Saturday, January 3, 2009

ISBP installment no. 9: Steven Alexander


With this installation of the Interactive Studio Blog Project, we get a nice peek into Steven Alexander's studio, which is up in Dalton, PA, somewhere north of Scranton. Steven teaches at my alma mater, Marywood University. Make sure to visit Steven's wonderful Studio Journal blog, where he generously shares his work, process, and impressions and observations of other art and artists, such as the work of Brazilian painter Goncalo Ivo. I highlight this because as you'll see in the post, Steven has included a photo of Ivo's studio. The space is mighty impressive with a huge array of paints and brushes laid out with precision, like a surgeon's tools.
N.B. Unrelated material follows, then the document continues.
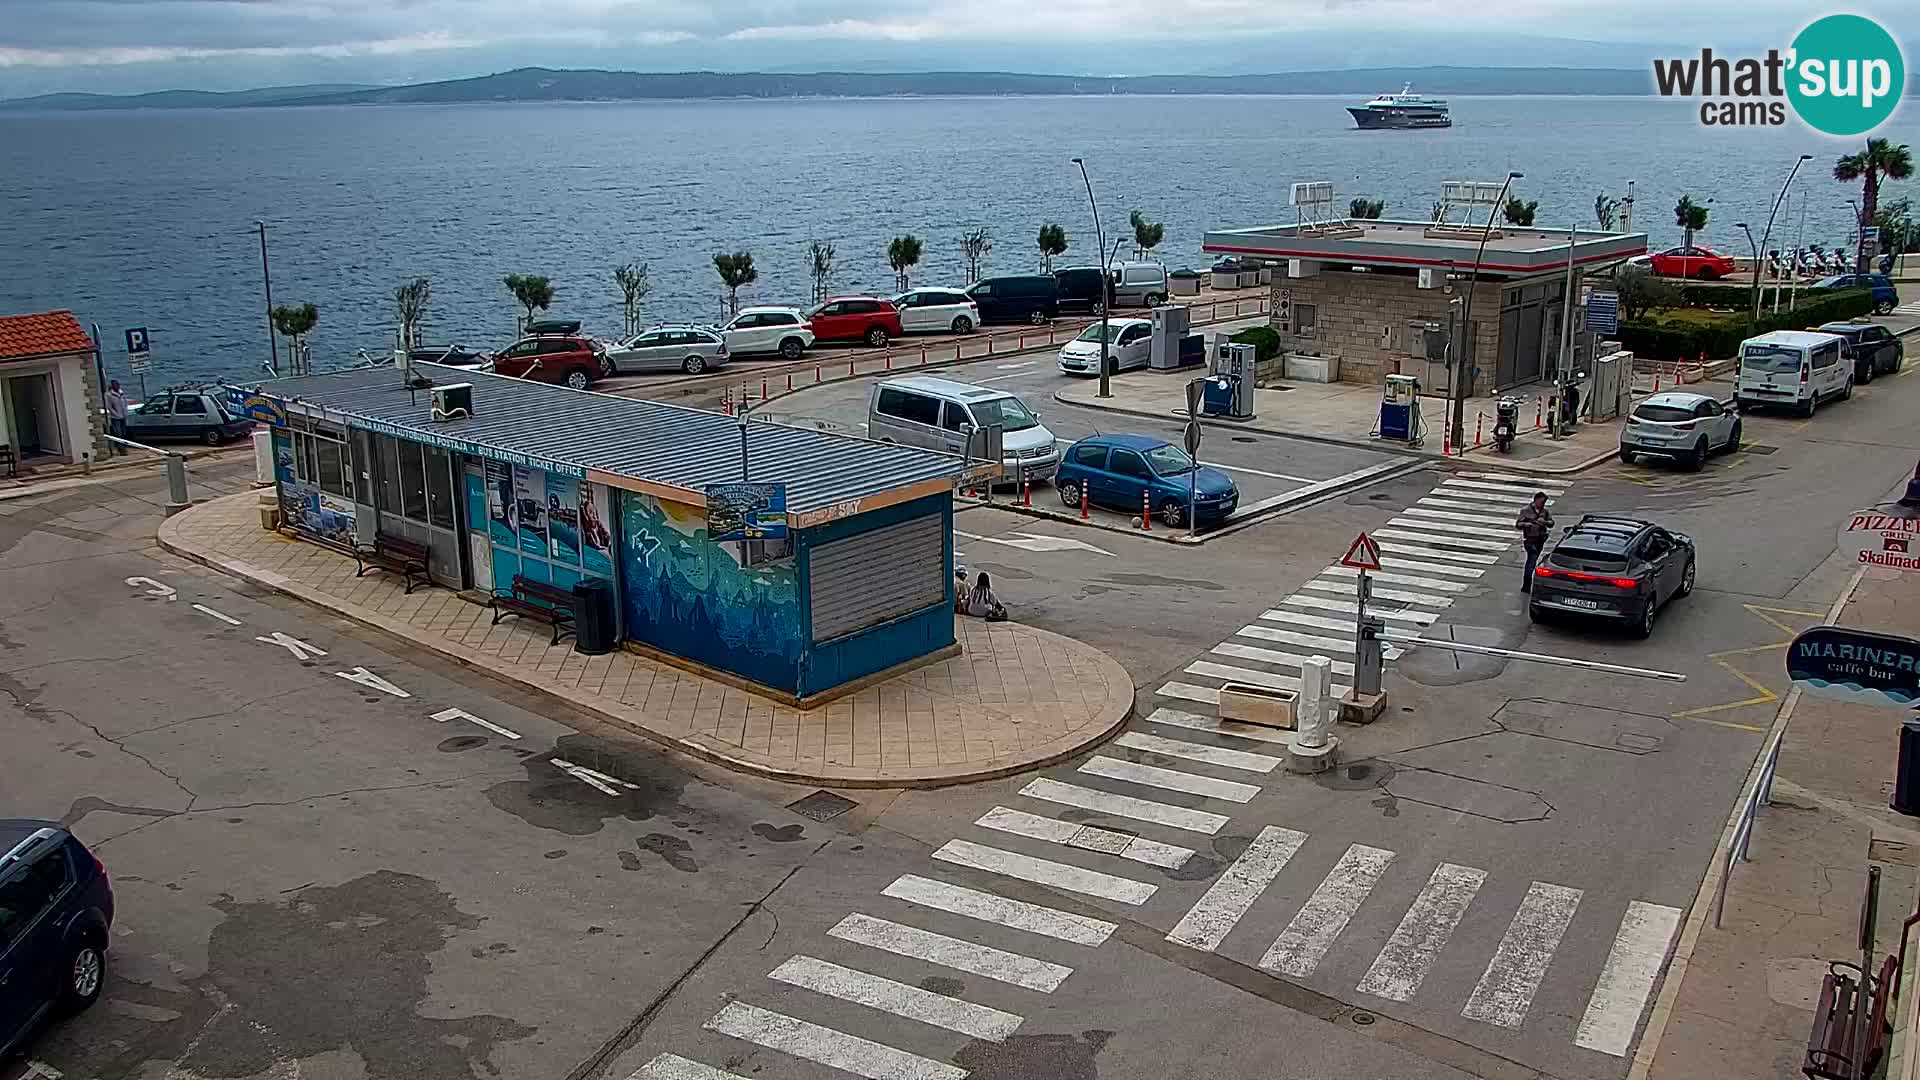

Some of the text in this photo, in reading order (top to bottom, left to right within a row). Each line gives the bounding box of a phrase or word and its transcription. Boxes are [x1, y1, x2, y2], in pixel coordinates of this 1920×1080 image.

This precision is very evident in Ivo's intensely colored geometric abstractions.


Now, back to Stephen and his work. After writing the above, I became aware that there is a real connection between Steven's workspace, which I've had the chance to see through his blog posts, and his work. I see an openness, an expansiveness that is present in both, and experience a sense of place in many of Steven's paintings. Of course, it's not at all that simple. Please see Steven's statement below...



Meteor Beach 2008
96 x 96 acrylic on 4 canvases

My work is an exploration of relations that reside in the constant flux of sensory events. I am interested in the interaction between the painting and the viewer's imagination and experience; in the painting's catalytic potency - it's potential to generate unspecified mobile meaning.

Color operates in this work and in the world as a kind of pure energy, dynamic, capricious, evocative. The surfaces emphasize the sensual rather than analytical nature of the process, and attest to the pervasive presence of time. Within the structure of the paintings, archetypal dualities of male/female, earth/sky, internal/external are inevitably implied; not as opposing forces, but as interdependent aspects of an animate whole. In this sense, these paintings might be regarded as open-ended cosmologies, or as chunks of unencumbered raw reality, or to use John Cage's words, "like Nature in her manner of operation".

I am trying to build, out of color and substance, a place for the viewer's consciousness - where unexpected associations and resonances may occur, where history merges with the present moment, and the stuff of life, love and desire has corporeal presence - states of being, embodied in paint.